We don’t normally think of lab animals as lucky, but in some sense, mdx mice—a primary model for studying Duchenne muscular dystrophy (DMD)—are more fortunate than their human counterparts. Both mdx mice and boys with DMD have recessive mutations in the X-linked dystrophin gene that result in loss of the dystrophin protein in muscle cells. Whereas boys with DMD develop severe muscle weakness and lose the ability to walk before adolescence, the mdx mice don’t exhibit serious limb muscle wasting until old age. Furthermore, DMD patients generally die in their teens or twenties, but the mdx mice live nearly as long as their healthy siblings. Why is the disease so much less severe in mice? Martin and colleagues speculated that differences between mice and humans in the chains of sugars, or glycans, that coat the cell surface might play a role. Dystrophin, a cytoskeletal protein, interacts with glycated transmembrane proteins; this complex links the muscle’s actin fibers to the extracellular matrix.

Because pathogens such as viruses and bacteria often bind to cell surface glycans to gain entry into the cell, these sugar chains are prone to modification during natural selection, leading to a great deal of variability between mammalian species. For example, because of a mutation in the CMAH gene, humans fail to produce a particular monosaccharide—Neu5Gc—that normally resides on the ends of glycan structures. In most other mammals, including mice, this gene is functional and Neu5Gc is produced.

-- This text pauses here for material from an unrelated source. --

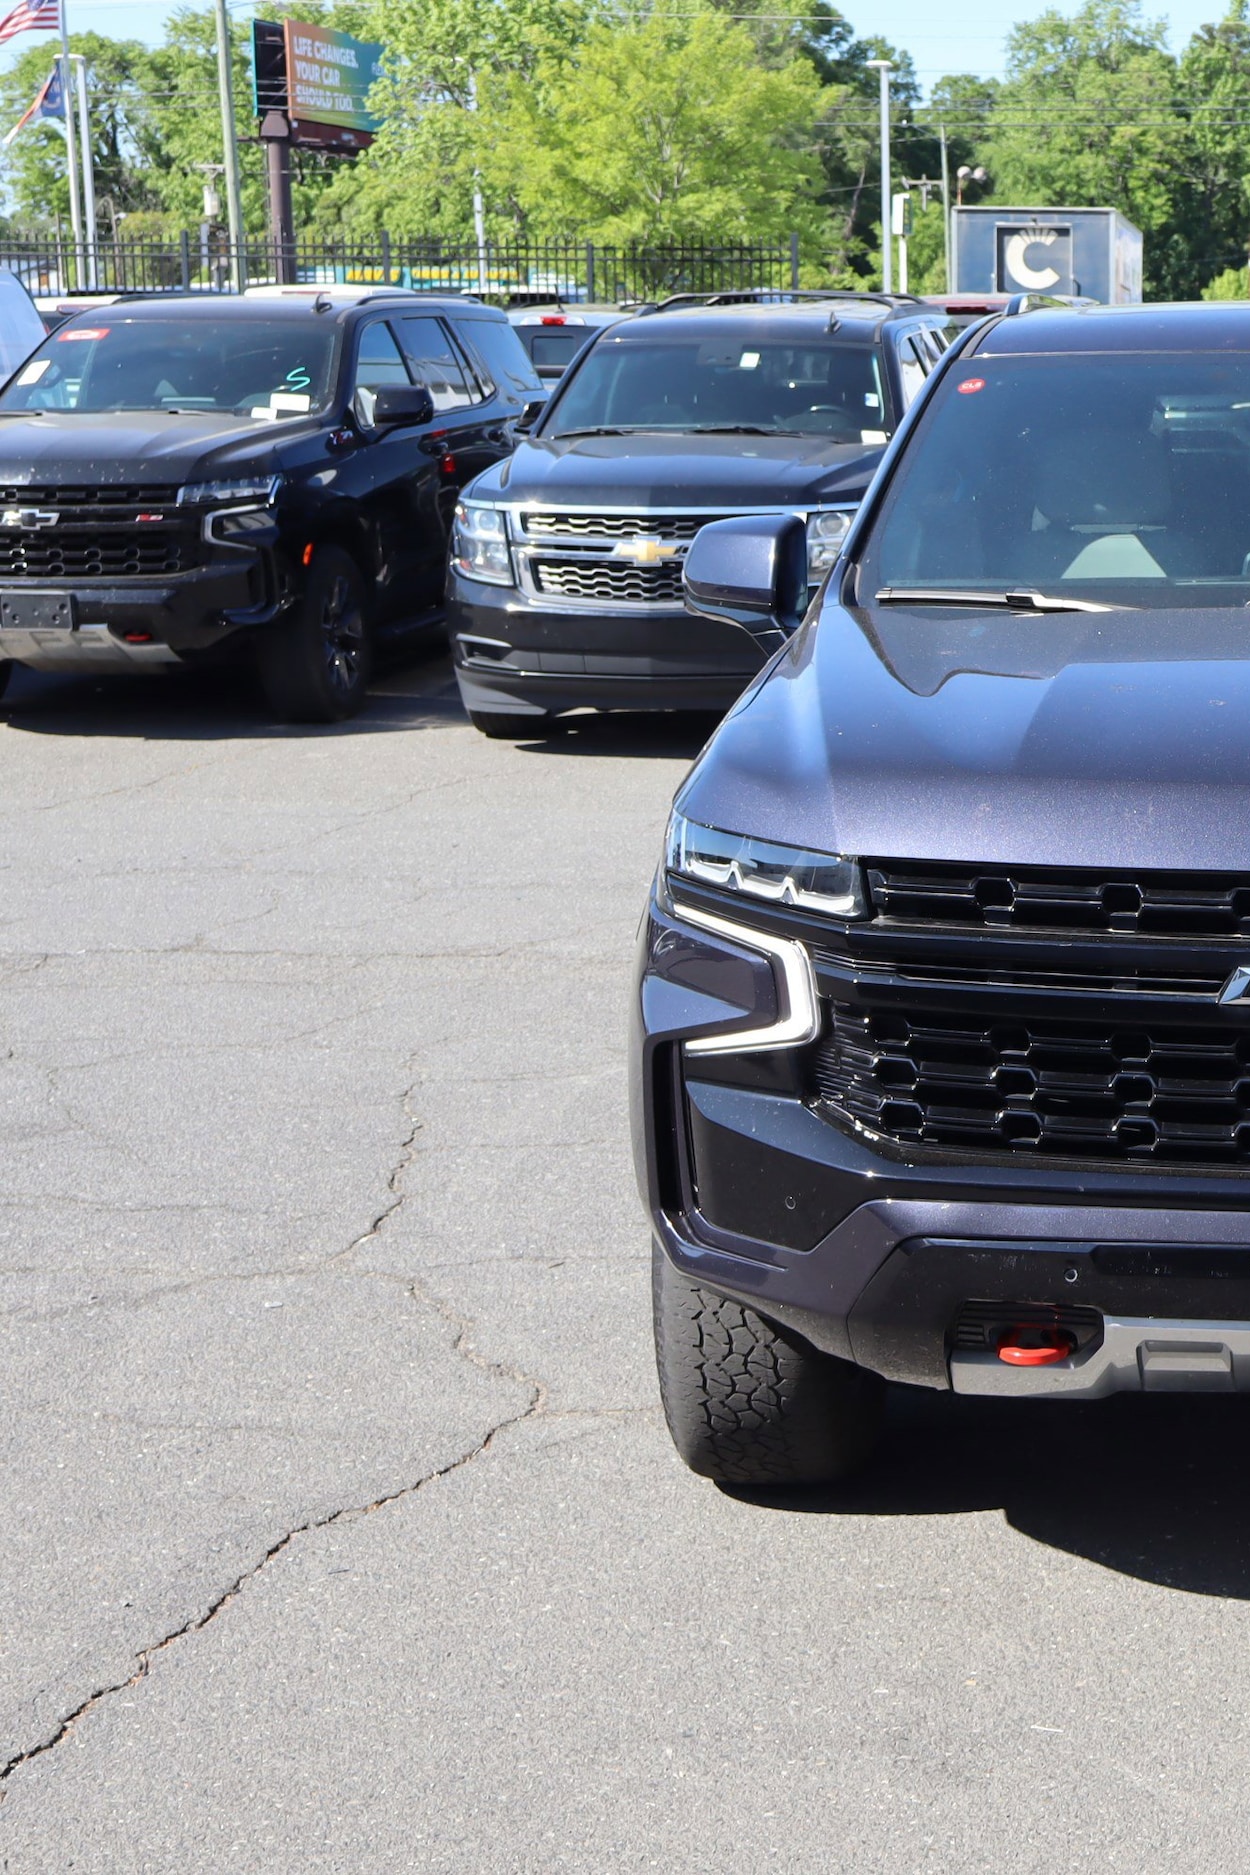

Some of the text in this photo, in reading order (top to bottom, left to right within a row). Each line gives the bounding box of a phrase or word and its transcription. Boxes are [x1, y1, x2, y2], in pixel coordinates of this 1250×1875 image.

[294, 36, 313, 57] LIFE
[294, 60, 341, 87] YOUR CAR
[295, 84, 333, 109] SHOULD

Martin and co-workers tested whether CMAH gene function affects disease pathology by introducing a mutation, similar to that in humans, into the Cmah gene in mdx mice. Such double-mutant mice developed symptoms of muscular dystrophy earlier and more severely than the mdx mice, making their disease progression more like that in humans. The authors also found that glycans containing Neu5Gc bind more tightly to the extracellular matrix than those without, providing one possible model for the effects of a lack of CMAH: reduced binding of the dystrophin-associated glycoproteins to the extracellular matrix. Additionally, dietary Neu5Gc—from foods such as red meat—might accumulate in muscle fibers and induce an immune reaction against these cells, because Neu5Gc is detected as a foreign antigen in animals that do not produce it. This idea, which is supported by the work of Martin, Varki, and co-workers, raises the possibility of modulating diet as a potential therapy for DMD.


  • Citation: K. Chandrasekharan, J. H. Yoon, Y. Xu, S. deVries, M. Camboni, P. M. L. Janssen, A. Varki, P. T. Martin, A human-specific deletion in mouse Cmah increases disease severity in the mdx model of Duchenne muscular dystrophy. Sci. Transl. Med. 2, 42ra54 (2010).